We crossed a cultural barrier yesterday…

Day 7, July 23. Slavonski Brod, Croatia.

We arrived safely in Zagreb, Croatia yesterday afternoon after a simple flight from Frankfurt, Germany. Leaving a very affluent, tidy, orderly, spiritually dark Germany for a far less affluent, less clean, more disorderly, and equally spiritually dark Croatia creates a bit of culture shock.

My old friend, Zlatko, greeted us at the Zagreb airport and drove us the roughly 2 hours to Slavonski Brod in eastern Croatia where we will reside until Friday morning. I had met Zlatko over 20 years ago on a previous trip to Eastern Europe with Bob Hitching. Zlatko kept Mike and Josh and me laughing during the entire 2-hour drive. To know Zlatko is to love him. He has served the Lord faithfully for all of these years. It’s an honor to be around people like him.

There is a stagnation in the Croatian church that is freely acknowledged by those who live here. But should this surprise us? In truth, spiritual torpor has descended upon most of the western world (the USA and Europe). The church in the west seems somewhat self-absorbed with our economic issues, and believers that I talk to seem either unaware or unconcerned with the fact that the church is generally in decline where we live while it is exploding in much of sub-Saharan Africa, Latin America, and many parts of Asia. So my sense is that what we observe to be the case in Europe, though it looks different because the culture is very different, is fairly similar to the spiritual condition of my neighbors in the fairly affluent neighborhoods south and west of Baltimore, where Josh and Mike and I live.

But something is stirring among the Roma. (I will use the term “Roma” to refer to the gypsy peoples among whom the Roma Bible Union concentrates – www.romabible.com. Though we frequently label these particular gypsies as “Bayash gypsies”, that nomenclature doesn’t work well all of the time. I know. It’s confusing. Maybe as it starts to make more sense to me throughout the week, I can speak more intelligibly to you about who these Roma/Bayash/gypsies actually are.)
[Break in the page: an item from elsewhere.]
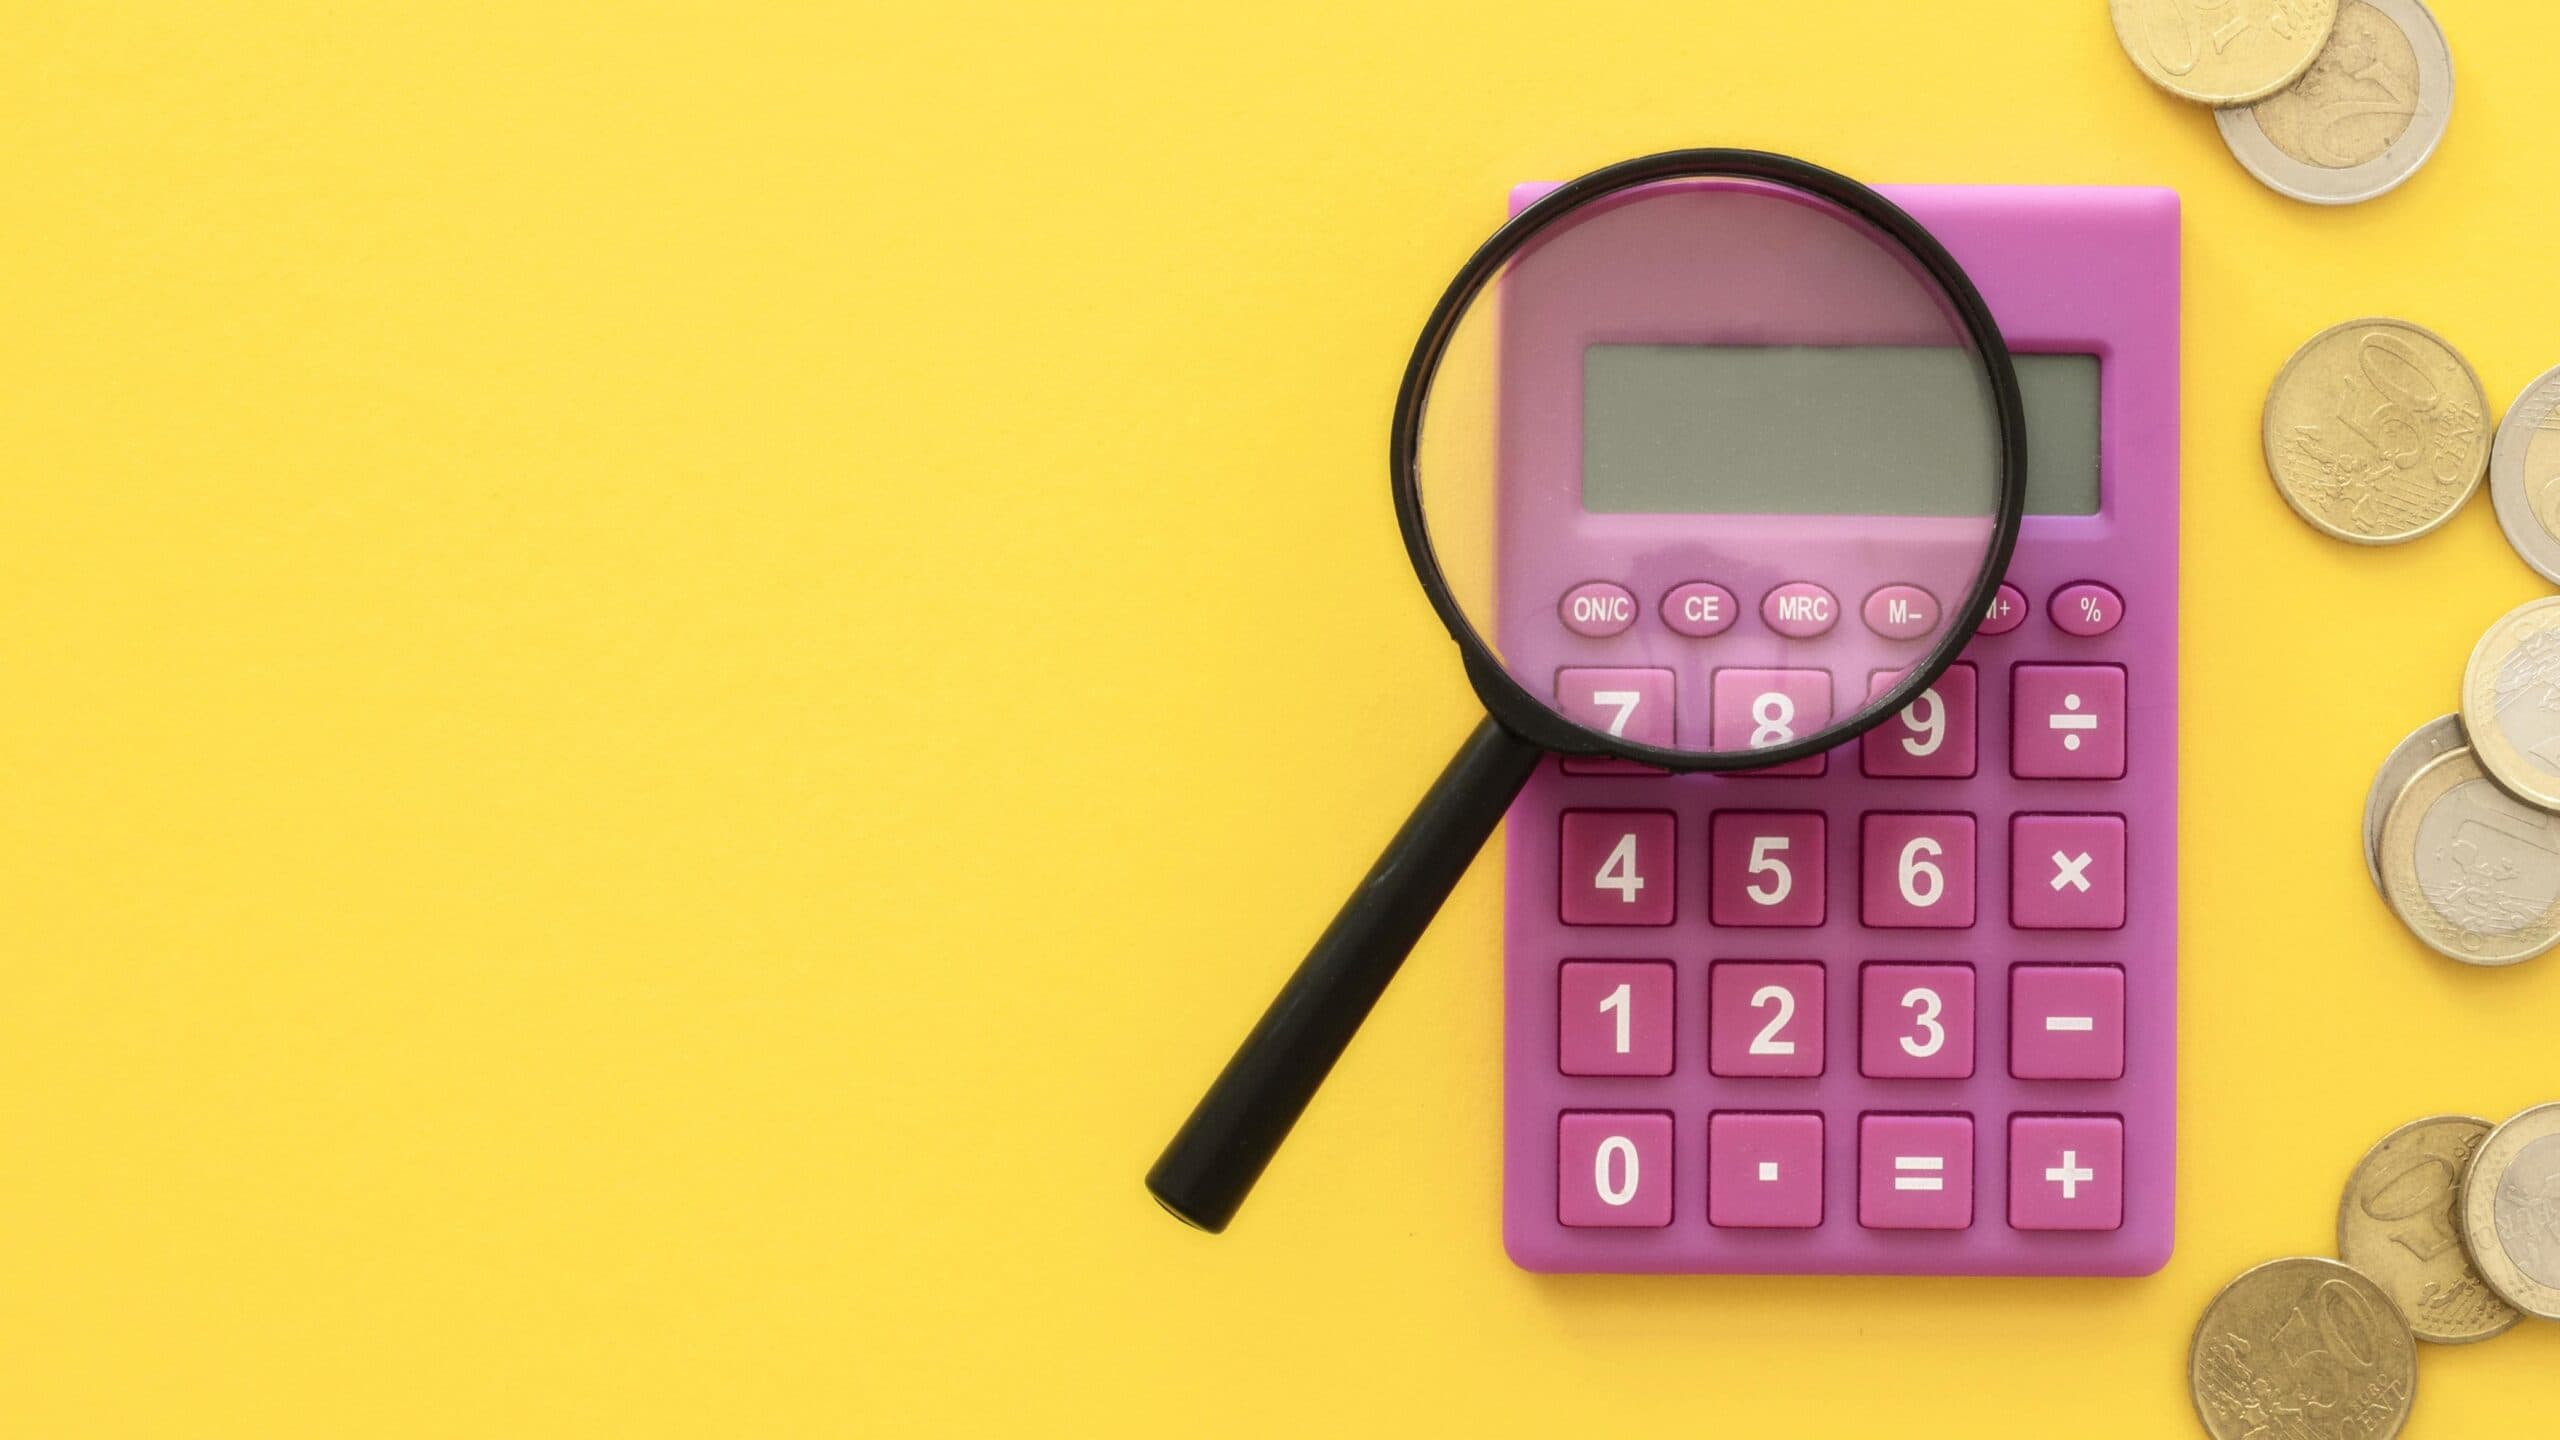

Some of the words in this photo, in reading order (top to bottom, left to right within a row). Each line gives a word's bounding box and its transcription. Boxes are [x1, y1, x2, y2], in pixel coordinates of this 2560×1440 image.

Before we came to our guesthouse last night, we spent about an hour with the Hitchings and their co-worker, Andy Warner (who works with Pioneers), in their hotel lobby (Bob is recovering from stomach surgery and needs to stay in a hotel in town for the week). There we received a brief orientation as to what the week will hold for us. It will be a full and busy 4 days for the 3 of us as we meet new people, hang out with the Roma Bible Union team of about 15 or so people, travel to various gypsy villages, attempt to overcome language problems, try to be available for whatever God has for us, make friends from all over, and listen and observe to learn what we can.

We are very committed to the principle that we CANNOT come to Croatia as the “Great American Hope” with our wealth, education, and peculiar advantage on the world stage. We are not here because we have something special to give to the Roma simply because we are Americans. We have already met German believers who put us to shame with their attempts to follow Jesus. Now we will meet eastern Europeans who live under even more difficult circumstances – they have far more to teach us than we could ever teach them.

One of the distinct reactions that I had as I listened to Bob last night was that something is happening among the Roma people. I hope to talk more about that after I visit some of their villages on Tuesday, Wednesday, and Thursday. Also I want to share with you about our guesthouse and our living conditions as well as introduce you to the team of people who are laboring here for the Gospel.

I seriously want to communicate through these brief updates that the ministry here has been undertaken by fairly normal people who have intentionally determined to prioritize the penetration of an entire pagan sub-culture in eastern Europe for the sake of the Gospel. Like all of you homemaking, dishwashing, baby-diapering, gutter hanging, IT computering…geeks, and medical people, these laborers in Eastern Europe are essentially just like you. Though each one is uniquely gifted and loves God passionately, experts and spiritual giants are not doing this work.

You who read these updates also live in a somewhat pagan culture in North America. Do we only expect “mission” to happen in other places where the culture and language are different? Or do we have a passion for our own neighbors, co-workers, friends, and relatives? Do we see the place where God has placed us as an opportunity to cross cultural barriers to encounter people who need the Gospel as badly as any unwashed, economically deprived, poorly clothed, illiterate, underfed, miserable, abused, despised Roma gypsy who lives in a ramshackle hovel while engulfed in almost impenetrable spiritual darkness?